Milk

The price of raw milk received by farmers in our country depends to a significant extent on the price of processed milk and dairy products imported by large transnational retailers that dominate the Romanian retail trade. The increase in the price of milk at international level will determine them to bring more expensive products, thus allowing the Romanian milk and dairy producers to raise the prices, and in the end the farmers will also benefit from an increase for the raw material they produce. .

Globally, the demand for dairy products has growth prospects, stagnant production and declining stocks – a combination of factors that anticipate an increase in milk prices, informs Agrointel.

China and the rest of the emerging world are driving global consumption of milk and dairy products, according to an estimate by analyst Patty Clayton of DairyCo, one of the world’s largest intelligence providers in the dairy market.

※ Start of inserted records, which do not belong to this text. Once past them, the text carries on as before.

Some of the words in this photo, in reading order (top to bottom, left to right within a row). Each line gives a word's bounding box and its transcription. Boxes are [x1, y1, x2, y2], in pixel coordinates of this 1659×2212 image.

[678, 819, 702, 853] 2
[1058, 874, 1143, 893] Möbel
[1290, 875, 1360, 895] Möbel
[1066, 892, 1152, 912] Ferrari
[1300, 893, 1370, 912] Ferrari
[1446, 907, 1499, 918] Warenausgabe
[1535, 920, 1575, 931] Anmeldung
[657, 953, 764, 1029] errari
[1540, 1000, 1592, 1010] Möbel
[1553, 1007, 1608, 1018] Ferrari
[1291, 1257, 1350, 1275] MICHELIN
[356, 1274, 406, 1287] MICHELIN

The increase in urbanization, the changes in culinary habits with the increase in education and sophistication and last but not least the increase in average income have been positive in terms of milk consumption in China.

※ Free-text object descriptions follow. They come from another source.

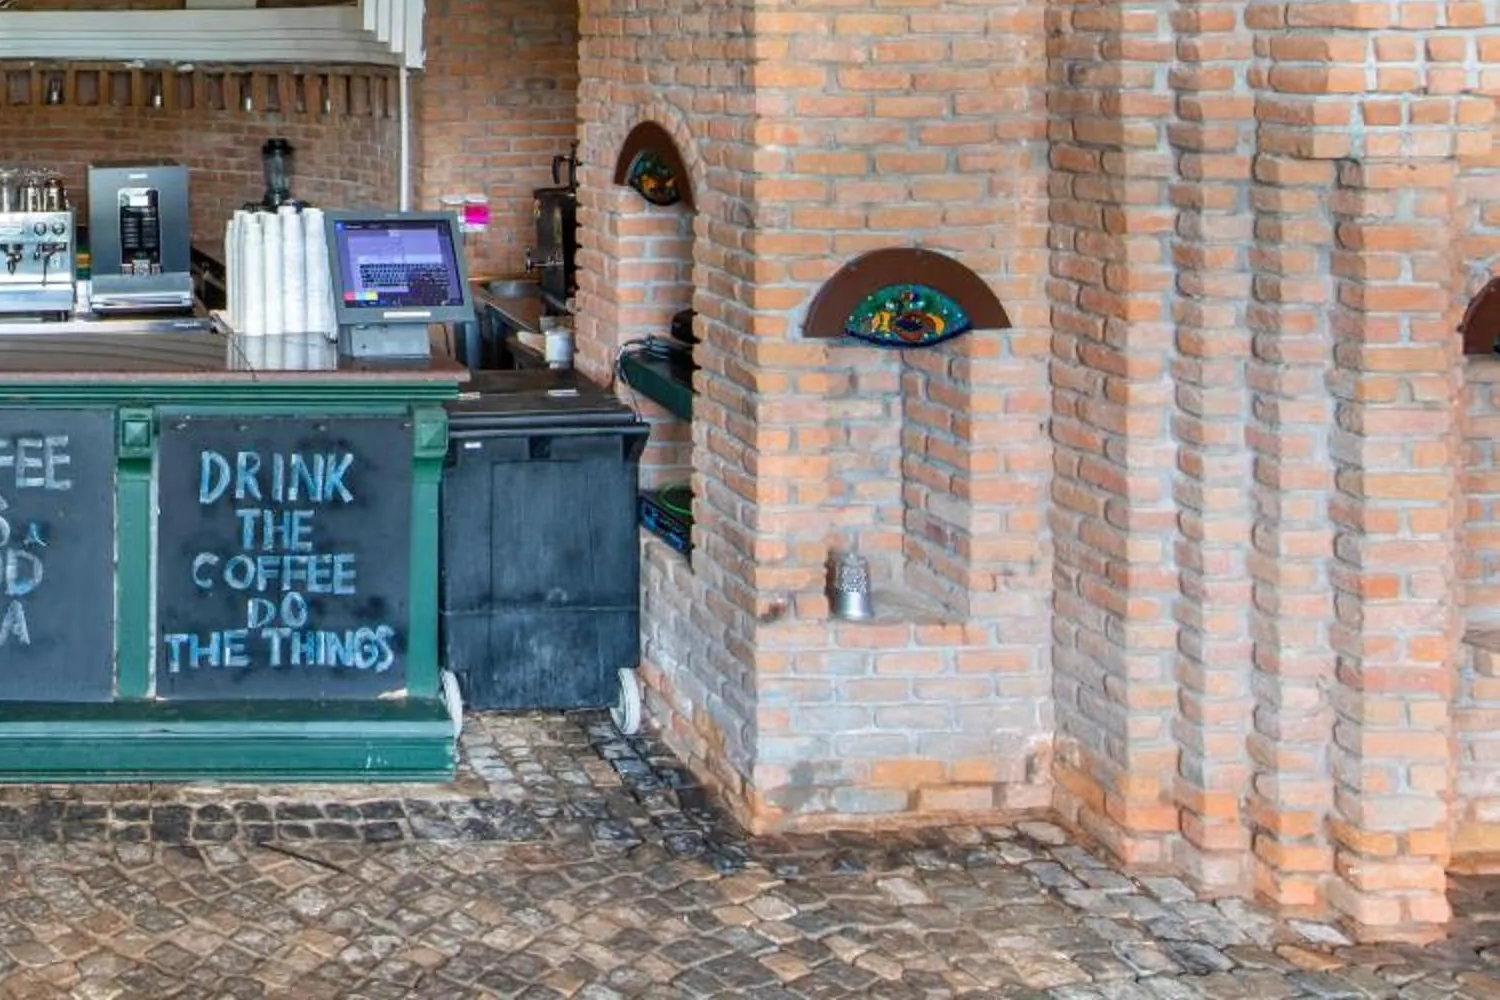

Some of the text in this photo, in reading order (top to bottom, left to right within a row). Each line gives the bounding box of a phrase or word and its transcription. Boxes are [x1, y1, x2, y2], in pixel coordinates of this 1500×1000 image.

[199, 451, 355, 504] DRINK
[235, 508, 315, 552] THE
[192, 551, 357, 596] COFFEE
[247, 591, 309, 629] DO
[164, 624, 396, 673] THE THINGS

The increase in milk consumption in China supports global growth through imports made by this country – international deliveries to China growing at a dizzying pace over the last 10 years: 406,000 tons in 2010, 550,000 tons in 2011, 715,000 tons in 2012.

According to Chinese statistics, domestic milk production amounts to about 35 million tons, given that the average production obtained from a cow for a year is 4-4,600 kg of milk – a third of that obtained in Western countries.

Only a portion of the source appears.